"GUILT" is a part of DARK JOURNALS--the series
“Can somebody die of guilt?”
“Sure.” Jawabanku atas pertanyaan Richard sangat mantap dan pasti. Setelah itu aku diam. Tampaknya Richard tidak tahan dan akhirnya menyakan alasanku berpendapat seperti itu.
“I believe you have a reason for that?”
“Not exactly a reason. Sort of an experience.”
“But you are still alive.” Richard pun tertawa setelah itu.
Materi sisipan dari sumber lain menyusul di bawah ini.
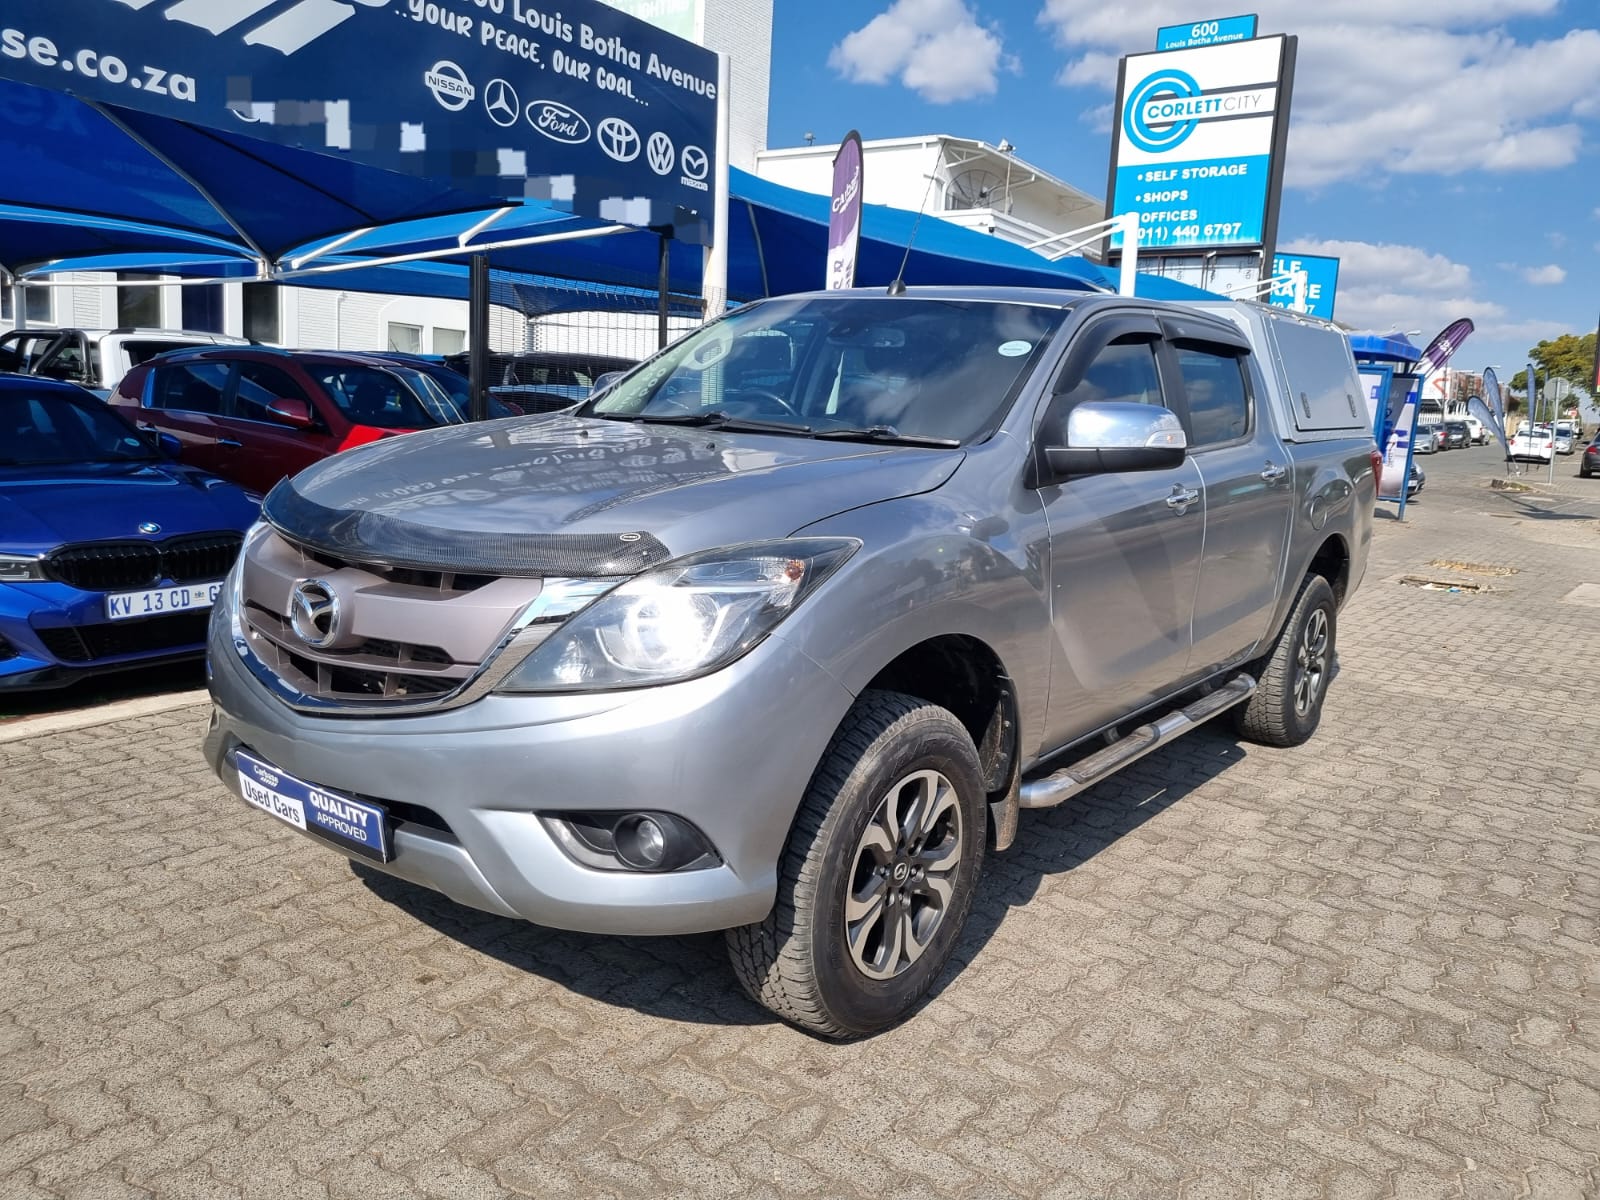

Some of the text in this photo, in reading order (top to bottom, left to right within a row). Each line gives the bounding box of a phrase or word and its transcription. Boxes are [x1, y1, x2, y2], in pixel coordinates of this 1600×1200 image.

[1165, 33, 1244, 49] Louis Botha Avenue
[1191, 22, 1219, 38] 600
[514, 0, 716, 99] Louis Botha Avenue
[1, 28, 196, 102] se.co.za
[552, 49, 591, 82] OUR
[428, 75, 472, 97] NISSAN
[538, 106, 580, 137] Ford
[1145, 164, 1248, 182] SELF STORAGE
[1143, 190, 1189, 203] SHOPS
[1141, 210, 1198, 223] OFFICES
[1172, 224, 1200, 238] 440
[1203, 222, 1242, 237] 6797
[1270, 281, 1321, 299] RAE
[109, 596, 132, 617] KV
[143, 592, 164, 612] 13
[170, 587, 190, 608] CD
[243, 780, 300, 823] Used Cars
[309, 791, 368, 827] QUALITY
[317, 812, 367, 841] APPROVED
“Obviously it is not my own experience.” Kemudian aku memulai menceritakan bagaimana rasa bersalah bisa membunuh seseorang. Ceritaku ini aku dapatkan dari temanku yang bernama—Mike. Dia adalah seorang psikolog yang pernah aku mintai tolong untuk menjadi nara sumber untuk novelku NYATA (baca Nyata—DARK JOURNALS—the series di bagian lain blog ini).
“Banyak banget ya itu kaset rekaman wawancara lo sama pasien-pasien lo.” Komentarku membuka percakapanku dengan Mike. Dia tertawa.
“Kita nyebutnya “sesi”, bukan wawancara. Kayak kerjaan aja bahasa lo, Lex.”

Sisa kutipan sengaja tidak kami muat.